Posted by Unknown on from the working-out-the-bugs dept.

msm1267 writes "Researchers have built new attack techniques against HTTPS traffic that have been effective in learning details on users' surfing habits, leaking sensitive data that could impact privacy. They tested against 600 leading healthcare, finance, legal services and streaming video sites, including Netflix. Their attack, they said in a research paper, reduced errors from previous methodologies more than 3 ½ times. They also demonstrate a defense against this attack that reduces the accuracy of attacks by 27 percent by increasing the effectiveness of packet level defenses in HTTPS, the paper said. 'We design our attack to distinguish minor variations in HTTPS traffic from significant variations which indicate distinct traffic contents,' the paper said. 'Minor traffic variations may be caused by caching, dynamically generated content, or user-specific content including cookies. Our attack applies clustering techniques to identify patterns in traffic.'"

2 of 17 comments (clear)

  1. The primary point not in abstratct but not summary by JoshuaZ · · Score: 5, Informative

    The most interesting bit is not in the summary. Given individual websites they could identify which specific webpage one was visiting thus leaking with high probability all sorts of medical, financial and legal information. Examples used include from medicine the websites of the Mayo Clinic and Planned Parenthood, from finance Wells Fargo and Bank of America, and from entertainment Youtube and Netflix. This sort of thing could be used for all sorts of surveillance or blackmail. Even just knowing what Youtube videos one is watching could be used for such ends.
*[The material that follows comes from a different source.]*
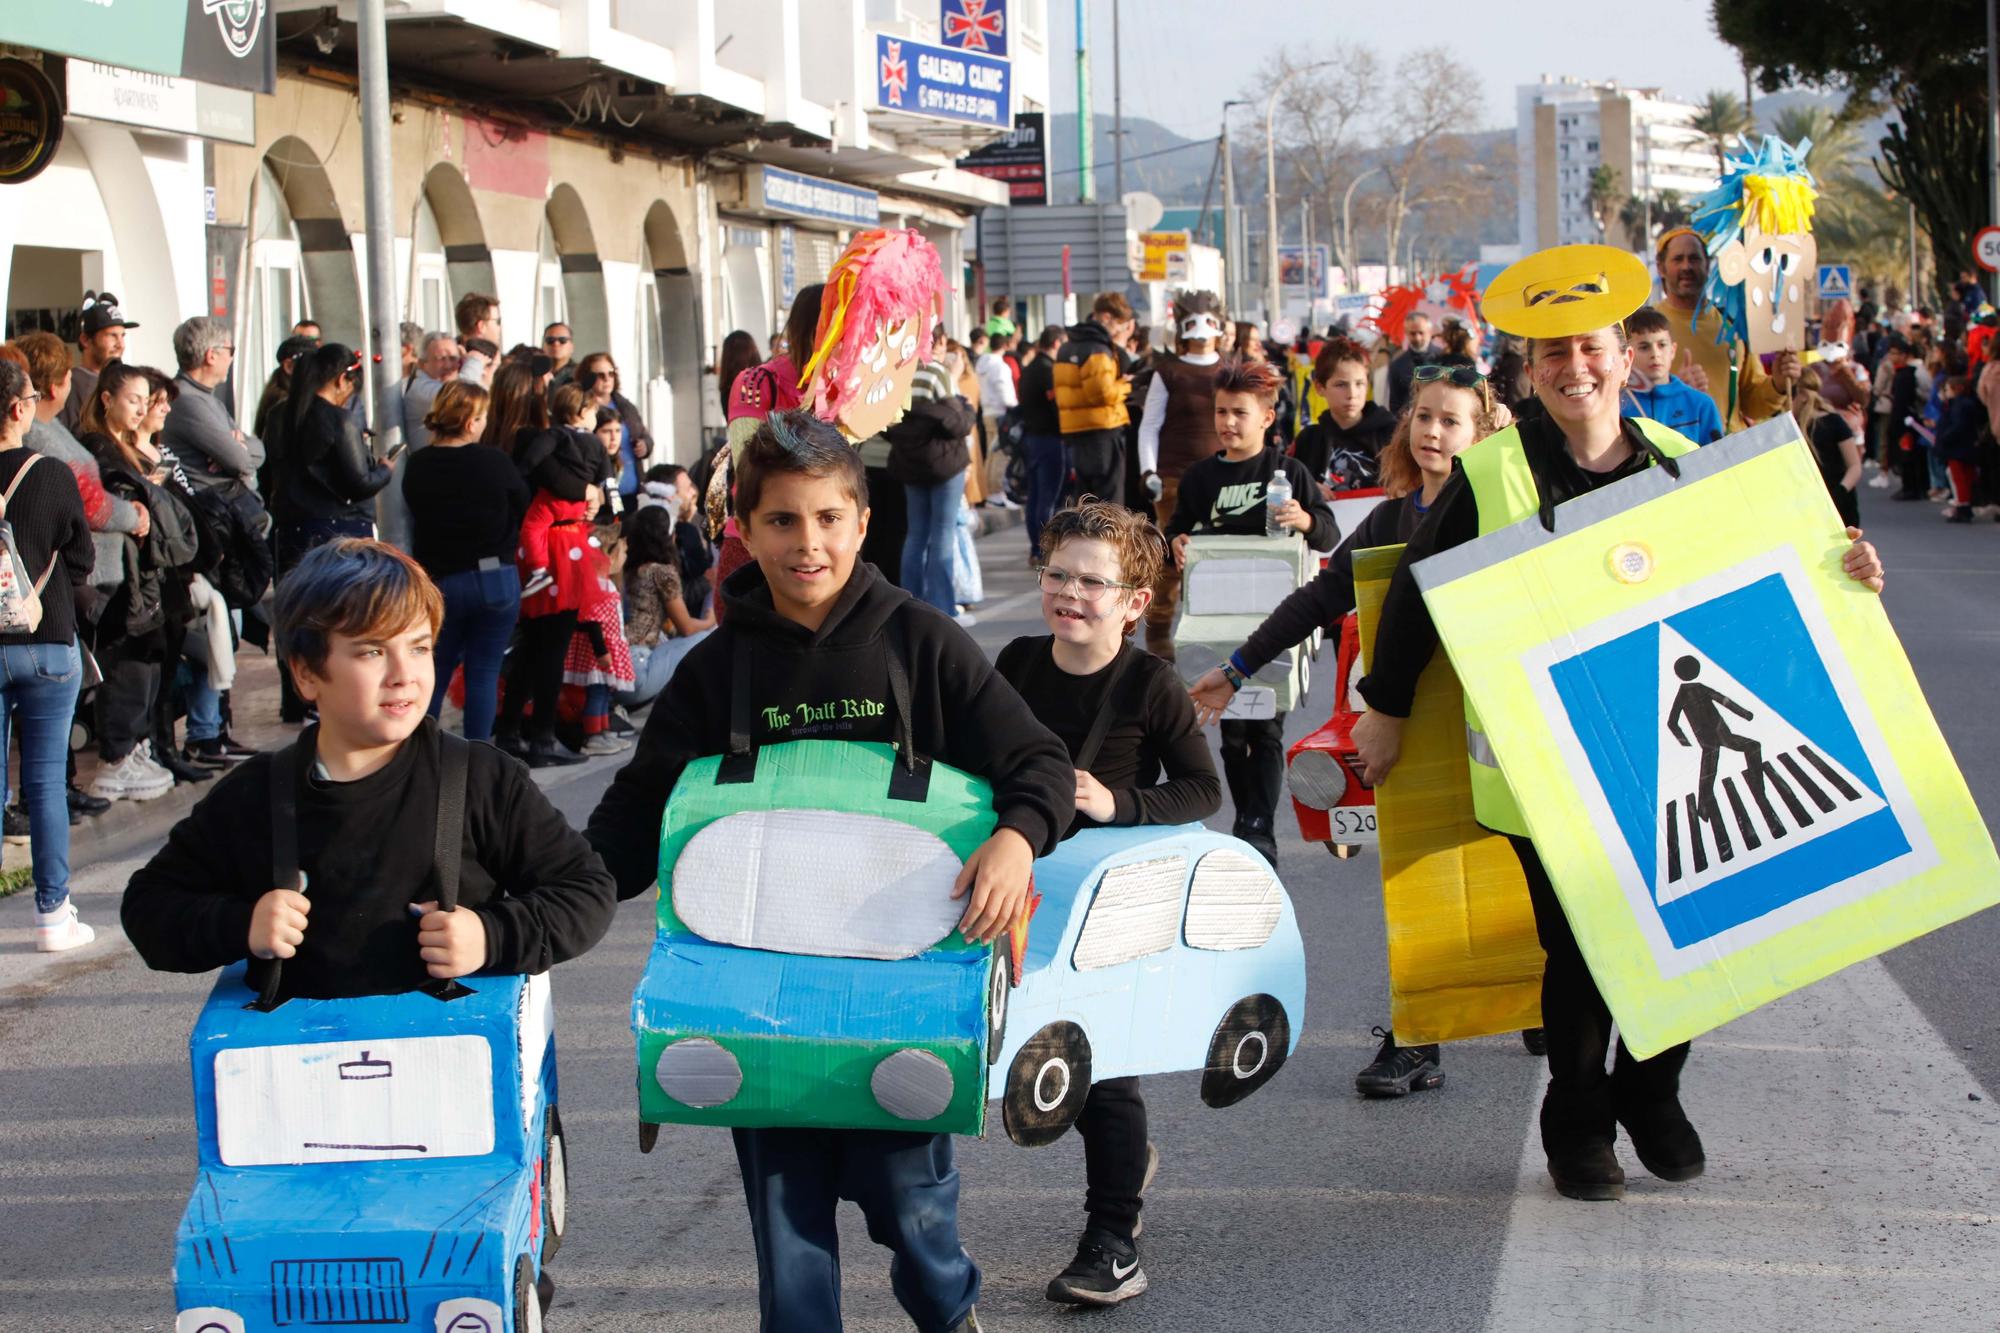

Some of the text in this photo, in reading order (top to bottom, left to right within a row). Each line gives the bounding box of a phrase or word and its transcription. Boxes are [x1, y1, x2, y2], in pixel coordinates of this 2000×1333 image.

[918, 54, 1003, 93] GALENO CLINIC
[1216, 481, 1262, 509] NIKE
[761, 698, 885, 732] The Half Ride
  2. Re:The primary point not in abstratct but not summ by mveloso · · Score: 4, Informative

    The "leaks" seem more like they can track the path of a user through a website, given the structure of the links and the relative size of the pages. I don't think they claimed they could tell what the data was on the page, but sometimes the fact that a user is on a given page is enough (depending on the structure of the site).

    For youtube, they'd have to figure out the relative sizes of all the pages, which might be difficult to do (and the size will change depending on he comments and browser used).